**Exercise description:** Each entry below should be printed exactly, with every image left out.
___ Data for this task ___
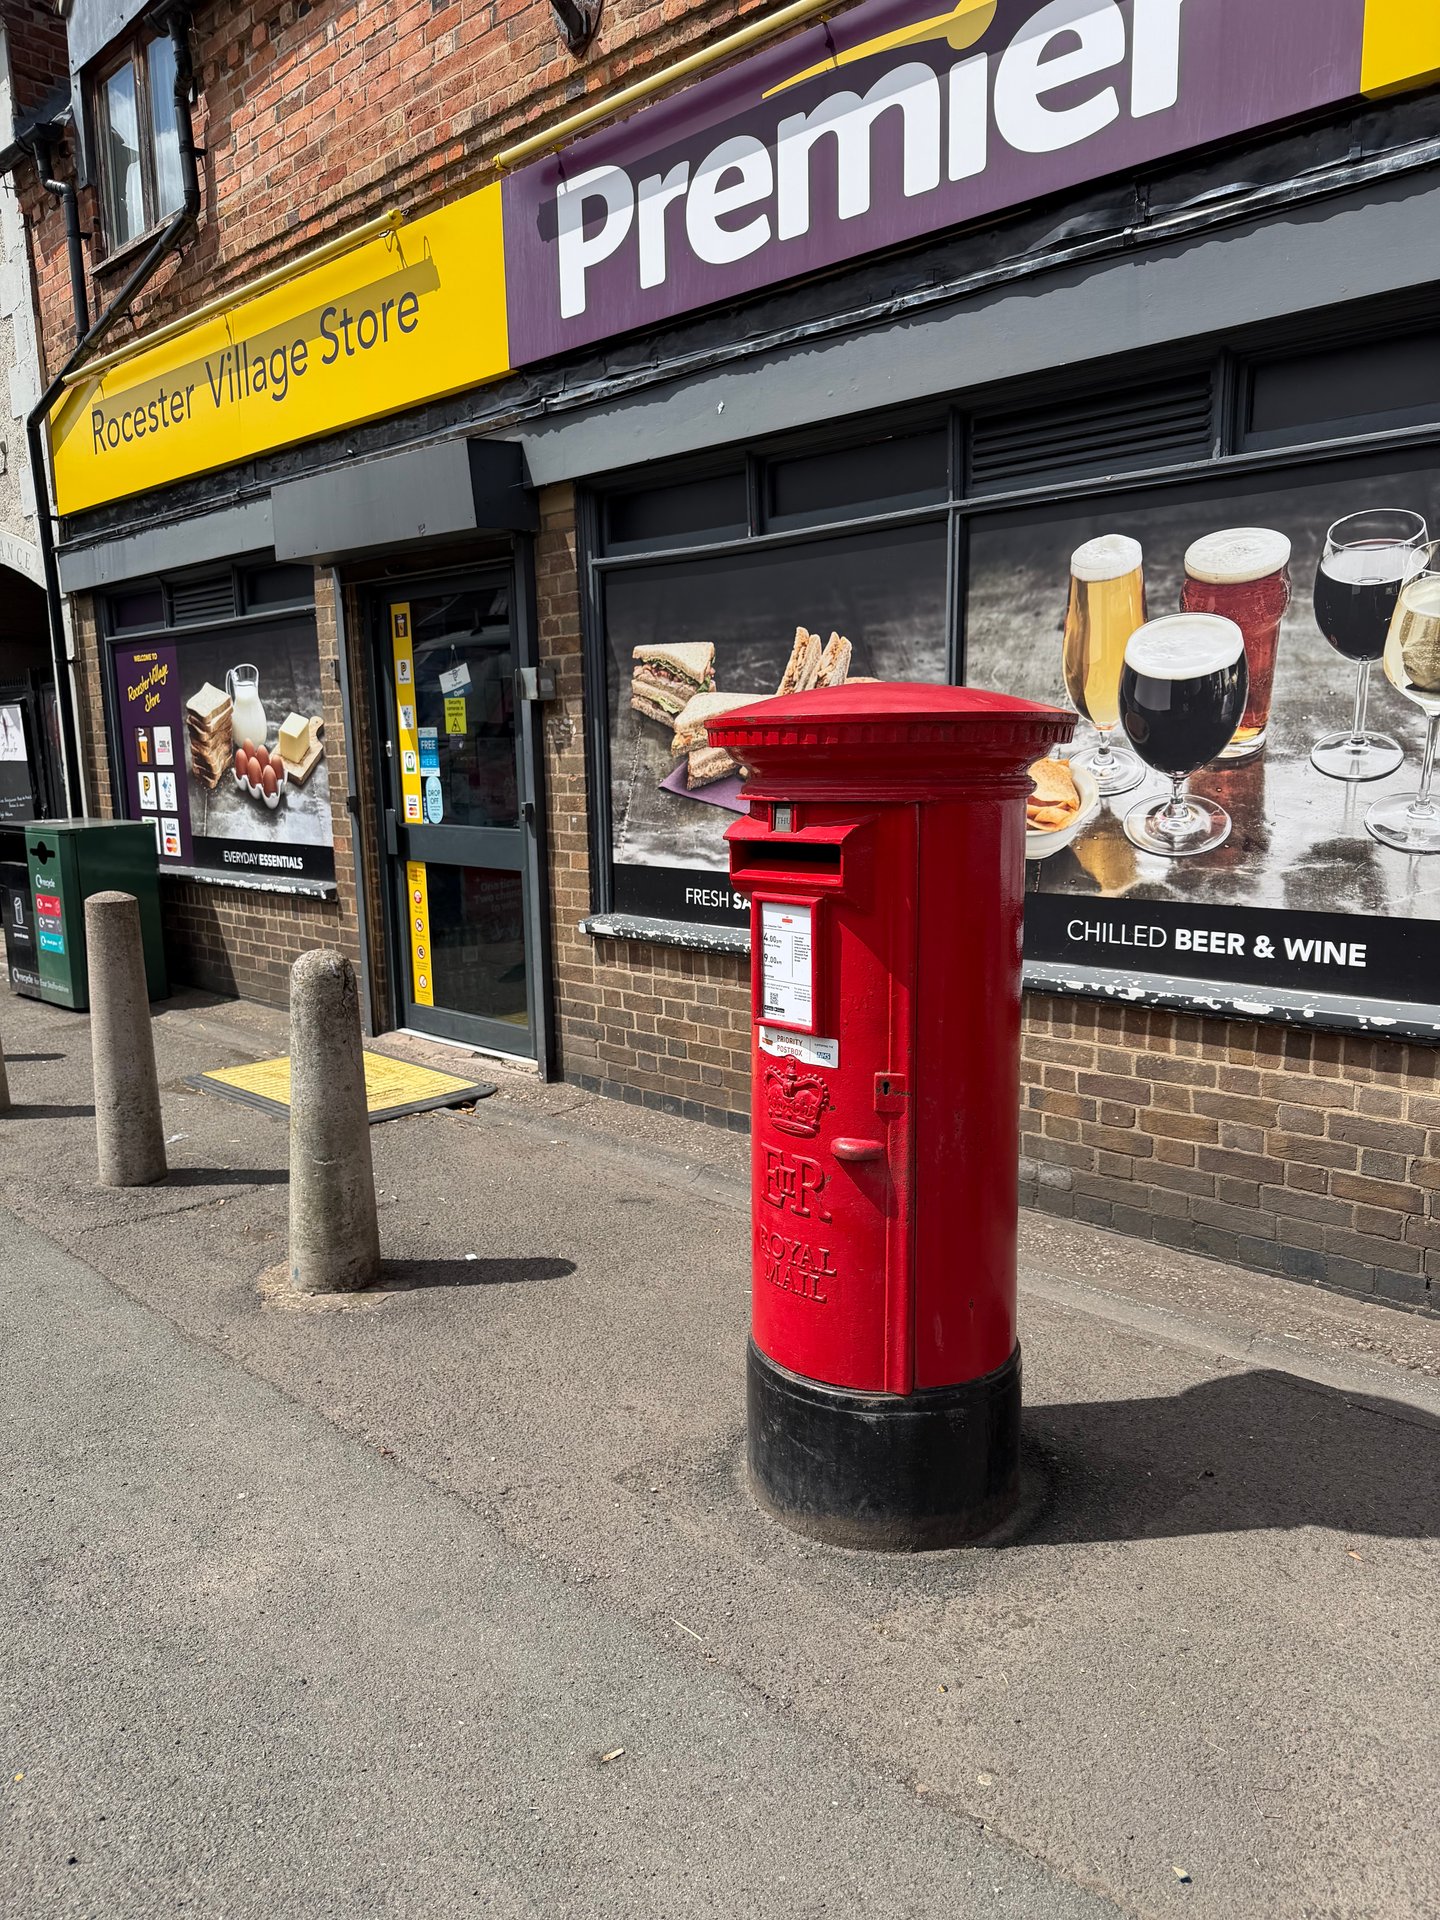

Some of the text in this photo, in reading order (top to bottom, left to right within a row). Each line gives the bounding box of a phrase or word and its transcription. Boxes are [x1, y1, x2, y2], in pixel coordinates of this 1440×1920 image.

[91, 291, 420, 455] Rocester Village Store
[133, 652, 158, 662] WELCOME TO
[127, 663, 169, 702] Rocester Village
[453, 688, 465, 697] Open
[144, 692, 161, 712] Store
[420, 740, 436, 749] FREE
[422, 758, 437, 766] HERE
[428, 789, 441, 797] DROP
[165, 820, 176, 831] VISA
[777, 817, 790, 825] THU
[223, 850, 304, 870] EVERYDAY ESSENTIALS
[685, 887, 752, 910] FRESH SA
[1066, 919, 1367, 968] CHILLED BEER & WINE
[776, 1034, 804, 1047] PRIORITY
[776, 1045, 803, 1057] POSTBOX
[817, 1052, 831, 1060] NHS
[760, 1223, 838, 1278] ROYAL
[765, 1254, 829, 1304] MAIL
___
**Written answer:**
Some of the text in this photo, in reading order (top to bottom, left to right within a row). Each line gives the bounding box of a phrase or word and its transcription. Boxes are [x1, y1, x2, y2], in pixel coordinates of this 1440×1920 image.

[91, 291, 420, 455] Rocester Village Store
[133, 652, 158, 662] WELCOME TO
[127, 663, 169, 702] Rocester Village
[453, 688, 465, 697] Open
[144, 692, 161, 712] Store
[420, 740, 436, 749] FREE
[422, 758, 437, 766] HERE
[428, 789, 441, 797] DROP
[165, 820, 176, 831] VISA
[777, 817, 790, 825] THU
[223, 850, 304, 870] EVERYDAY ESSENTIALS
[685, 887, 752, 910] FRESH SA
[1066, 919, 1367, 968] CHILLED BEER & WINE
[776, 1034, 804, 1047] PRIORITY
[776, 1045, 803, 1057] POSTBOX
[817, 1052, 831, 1060] NHS
[760, 1223, 838, 1278] ROYAL
[765, 1254, 829, 1304] MAIL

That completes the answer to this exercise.